The weekly chart below shows we have closed just near the 50% retracement of the move from B to C. We have also closed below the long term down trend line made from January highs. 4130/50 look like good weekly supports, below that 4050 is one level to die for, whereas immediate resistances are at 4250/4270/4315.
The daily chart has what now everyone is talking about; a bearish H&S. The neckline near 4200 needs to be violated and we need to close below 4150 for two successive days for the pattern to play to its logical target. It is said that the market does the most expected thing in the least expected way, so will it play the H&S or negate the pattern, or better still frustrate both the bulls and the bears before choosing a direction. Remember patience is the key when forecasting patterns and their play, and more importantly one should always wait for confirmation from the Price! ADX is still flat thought the +DI and – DI lines have started to converge for a crossover. If we open flat or a lil bit negative and trade above 4200 then one can go long with a tight stop below 4150, and if already short then 4320 is a very conservative stop as of now.
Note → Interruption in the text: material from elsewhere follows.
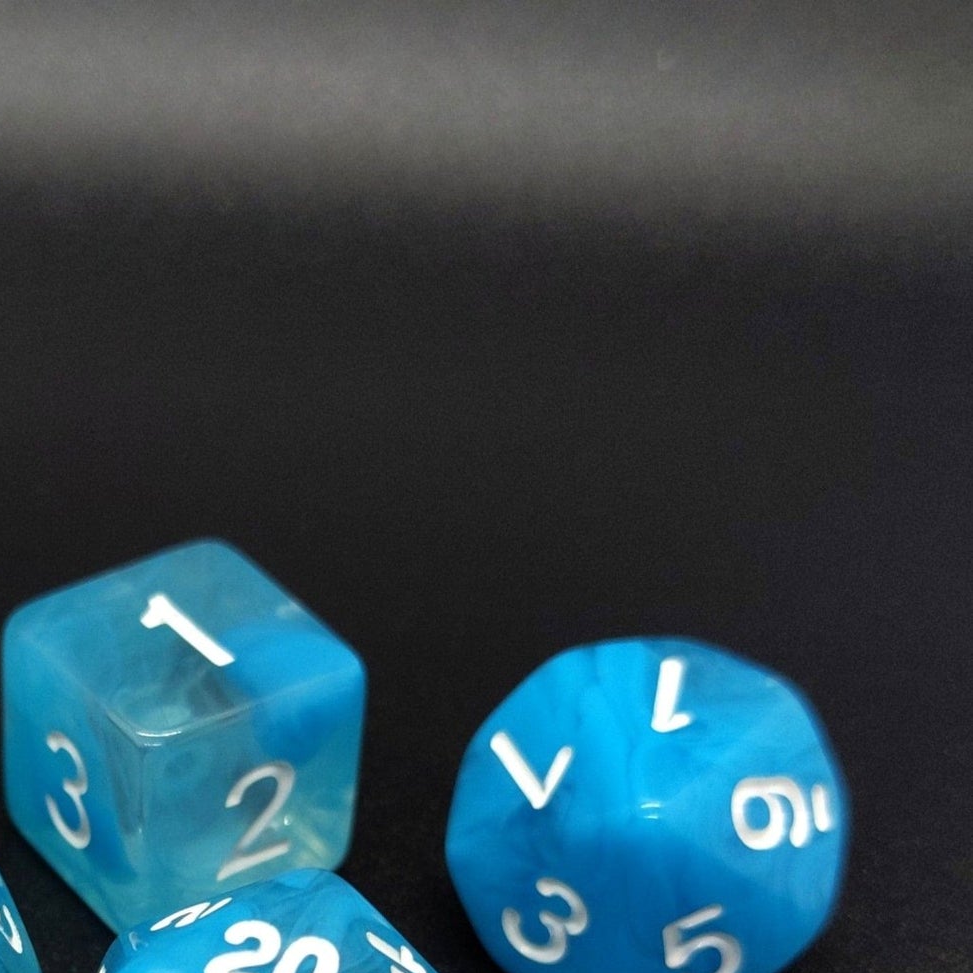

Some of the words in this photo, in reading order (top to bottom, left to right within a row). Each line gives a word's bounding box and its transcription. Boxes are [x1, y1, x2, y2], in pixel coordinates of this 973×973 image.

Nifty is totally directionless, it’s just doing what the global markets are doing; no internals are working for us as of now. Traders are wary of any aggressive positions, otherwise why we would have a sell off on Friday when our inflation numbers had improved, our IIP numbers were good, during our trading time Asia had closed in plus,
"Life is just a blank slate, what matters most is what you write on it."
Christine Frankland
Hmmm same is with the charts what matters is how you interpret them!!!